(TASK OBJECTIVE): What is wanted is the full listing, word for word, without its pictures.
[[ RECORDS TO PROCESS, beginning ]]
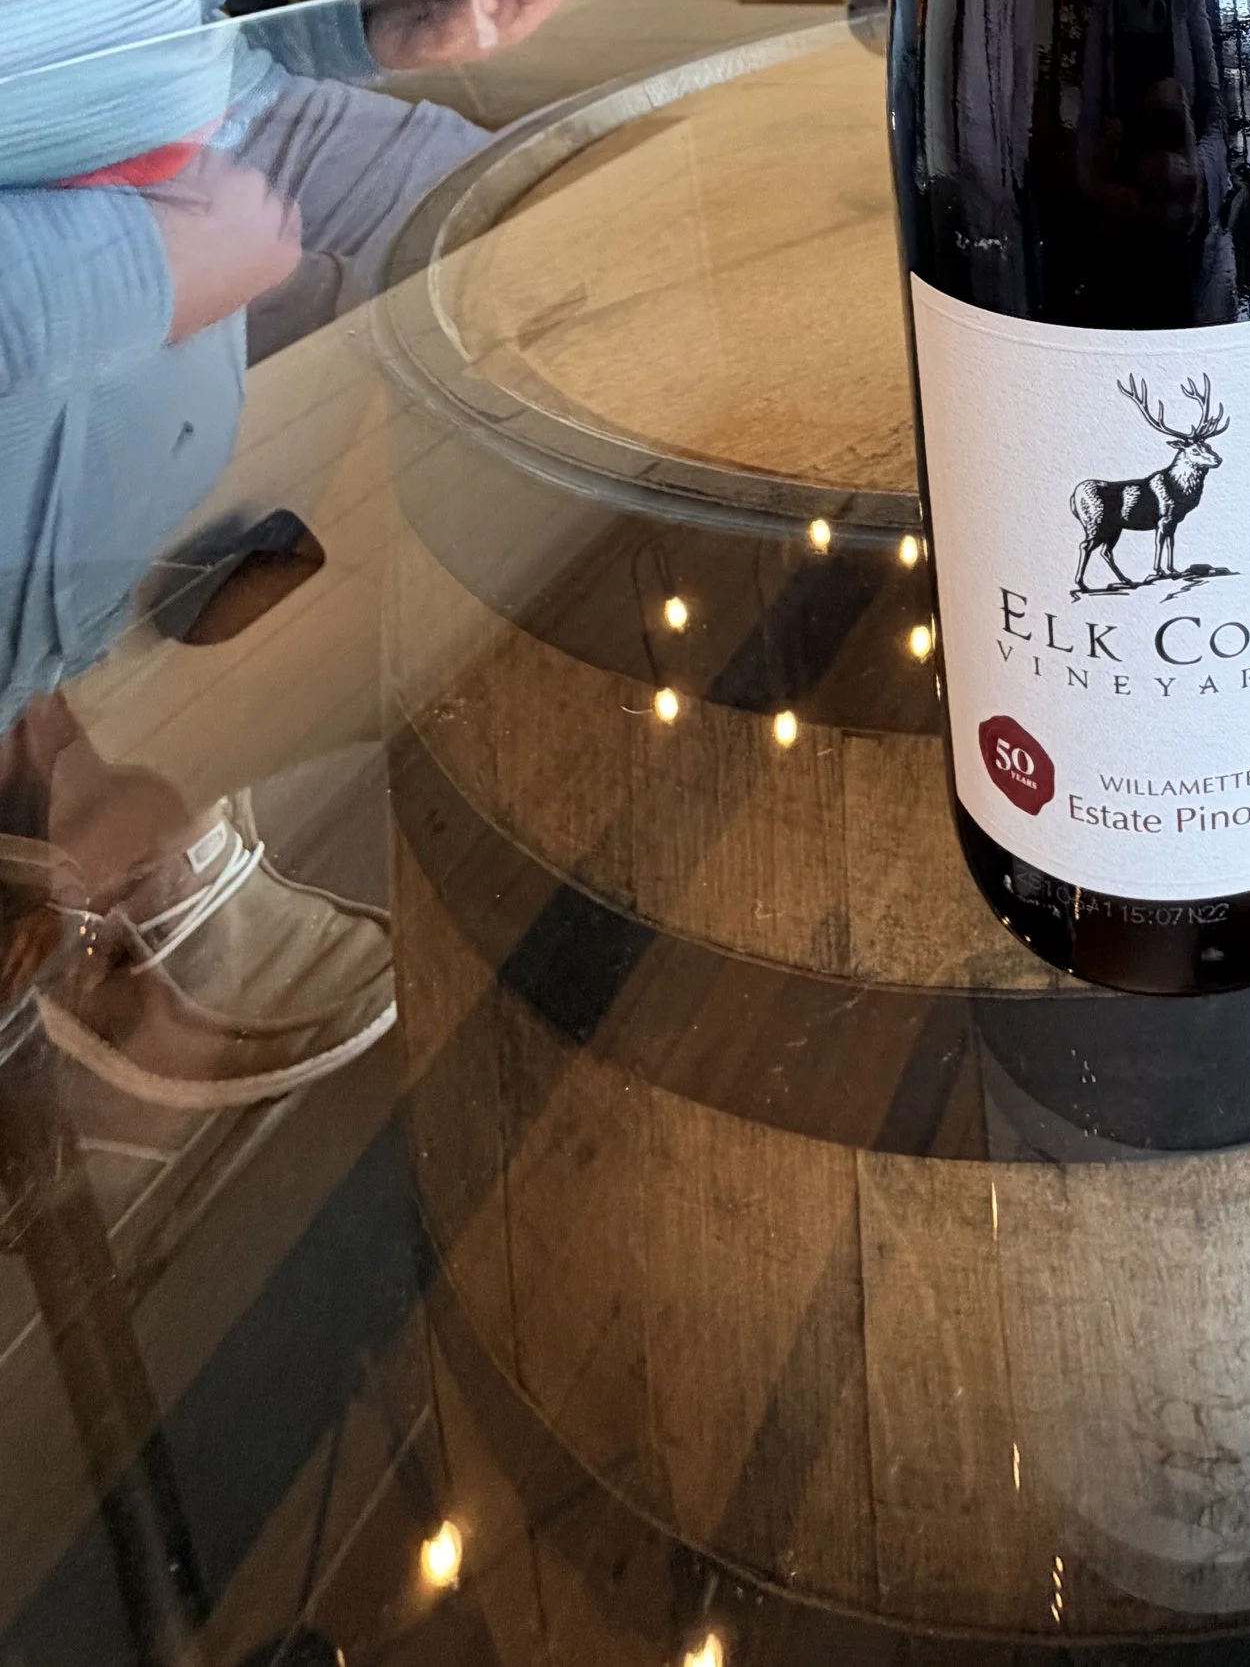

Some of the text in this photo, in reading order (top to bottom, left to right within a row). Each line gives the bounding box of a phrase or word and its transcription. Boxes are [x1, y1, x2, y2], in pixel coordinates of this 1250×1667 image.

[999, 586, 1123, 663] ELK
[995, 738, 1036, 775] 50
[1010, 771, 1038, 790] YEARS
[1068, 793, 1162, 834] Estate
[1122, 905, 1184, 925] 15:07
[[ RECORDS TO PROCESS, end ]]
(OUTPUT FOR THIS EXERCISE):
Some of the text in this photo, in reading order (top to bottom, left to right within a row). Each line gives the bounding box of a phrase or word and its transcription. Boxes are [x1, y1, x2, y2], in pixel coordinates of this 1250×1667 image.

[999, 586, 1123, 663] ELK
[995, 738, 1036, 775] 50
[1010, 771, 1038, 790] YEARS
[1068, 793, 1162, 834] Estate
[1122, 905, 1184, 925] 15:07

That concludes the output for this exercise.